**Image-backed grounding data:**

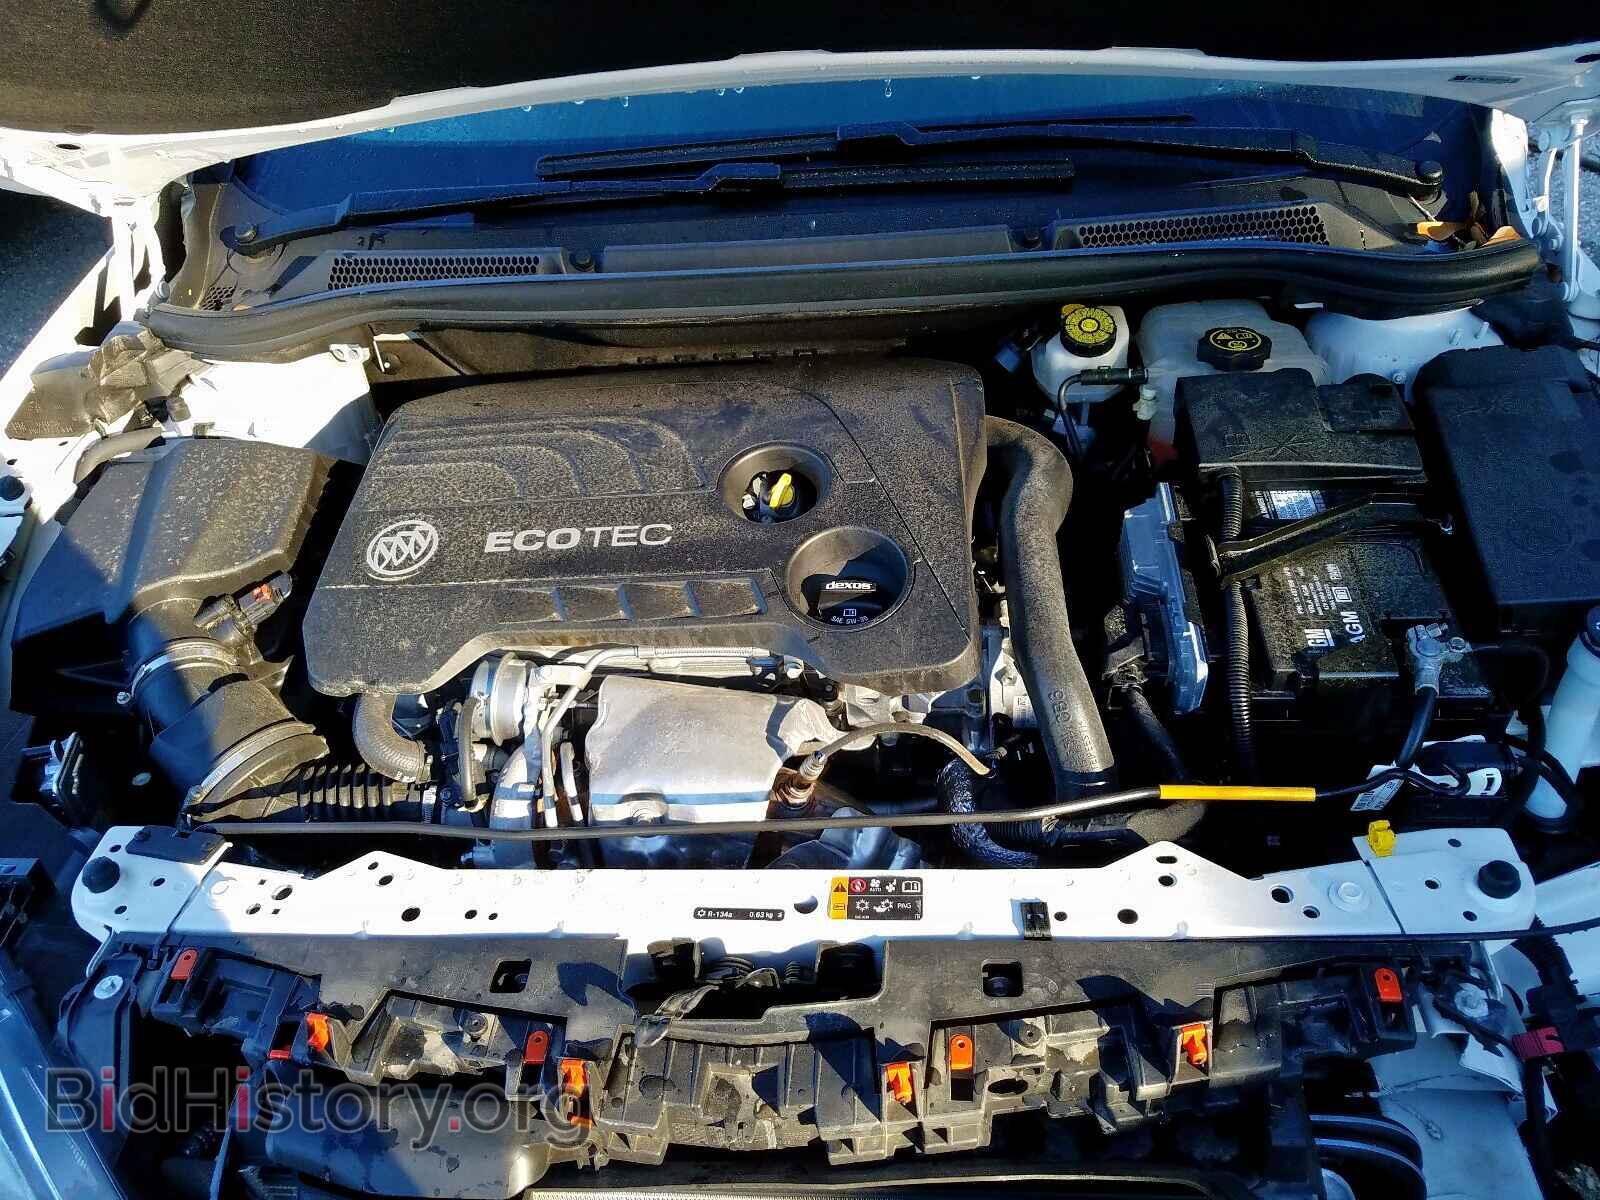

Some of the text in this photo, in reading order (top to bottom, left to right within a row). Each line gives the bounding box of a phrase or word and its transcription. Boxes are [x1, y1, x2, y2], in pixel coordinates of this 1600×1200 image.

[484, 523, 673, 553] ECOTEC
[825, 581, 873, 590] dexos
[1340, 610, 1366, 644] AGM
[1303, 628, 1329, 647] GM
[707, 910, 733, 919] R-134a
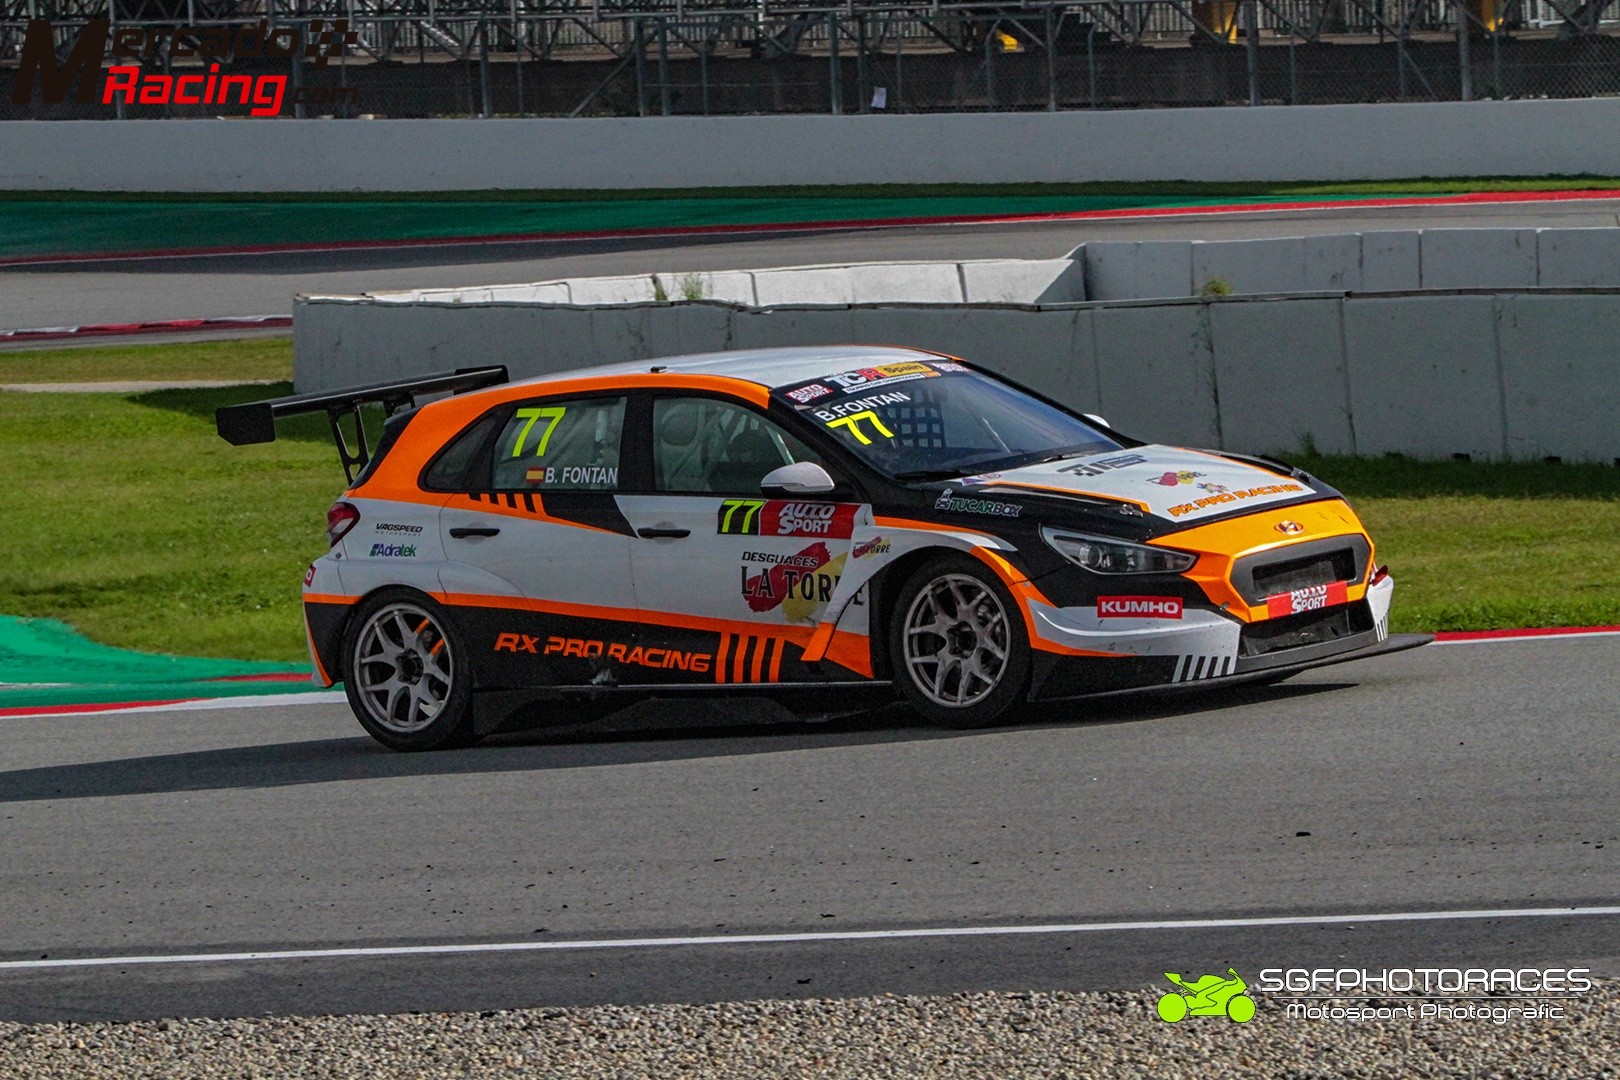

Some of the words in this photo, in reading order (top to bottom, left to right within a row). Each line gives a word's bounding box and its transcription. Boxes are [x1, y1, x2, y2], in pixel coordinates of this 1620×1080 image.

[824, 367, 887, 388] TCR
[883, 364, 924, 376] Spain
[789, 384, 822, 399] AUTO
[795, 387, 831, 403] SPORT
[512, 407, 566, 457] 77
[826, 410, 895, 445] 77
[545, 467, 558, 484] B.
[562, 467, 618, 484] FONTAN
[951, 497, 1023, 517] TUCARBOX
[1167, 503, 1199, 517] RX
[1193, 493, 1236, 508] PRO
[1232, 483, 1303, 499] RACING
[722, 500, 764, 533] 77
[778, 503, 836, 519] AUTO
[376, 523, 423, 533] VAGSPEED
[777, 514, 832, 535] SPORT
[376, 543, 417, 557] Adratek
[741, 551, 818, 568] DESGUACES
[741, 565, 775, 599] LA
[1101, 600, 1179, 615] KUMHO
[1290, 594, 1328, 615] SPORT
[494, 632, 540, 654] RX
[543, 636, 604, 658] PRO
[607, 642, 712, 673] RACING

**PROBLEM DESCRIPTION:**
Apart from its pictures, the data is to be repeated exactly.

**FINISHED EXERCISE:**
Some of the text in this photo, in reading order (top to bottom, left to right within a row). Each line gives the bounding box of a phrase or word and its transcription. Boxes are [x1, y1, x2, y2], in pixel coordinates of this 1600×1200 image.

[484, 523, 673, 553] ECOTEC
[825, 581, 873, 590] dexos
[1340, 610, 1366, 644] AGM
[1303, 628, 1329, 647] GM
[707, 910, 733, 919] R-134a

Some of the words in this photo, in reading order (top to bottom, left to right within a row). Each line gives a word's bounding box and its transcription. Boxes are [x1, y1, x2, y2], in pixel coordinates of this 1620×1080 image.

[824, 367, 887, 388] TCR
[883, 364, 924, 376] Spain
[789, 384, 822, 399] AUTO
[795, 387, 831, 403] SPORT
[512, 407, 566, 457] 77
[826, 410, 895, 445] 77
[545, 467, 558, 484] B.
[562, 467, 618, 484] FONTAN
[951, 497, 1023, 517] TUCARBOX
[1167, 503, 1199, 517] RX
[1193, 493, 1236, 508] PRO
[1232, 483, 1303, 499] RACING
[722, 500, 764, 533] 77
[778, 503, 836, 519] AUTO
[376, 523, 423, 533] VAGSPEED
[777, 514, 832, 535] SPORT
[376, 543, 417, 557] Adratek
[741, 551, 818, 568] DESGUACES
[741, 565, 775, 599] LA
[1101, 600, 1179, 615] KUMHO
[1290, 594, 1328, 615] SPORT
[494, 632, 540, 654] RX
[543, 636, 604, 658] PRO
[607, 642, 712, 673] RACING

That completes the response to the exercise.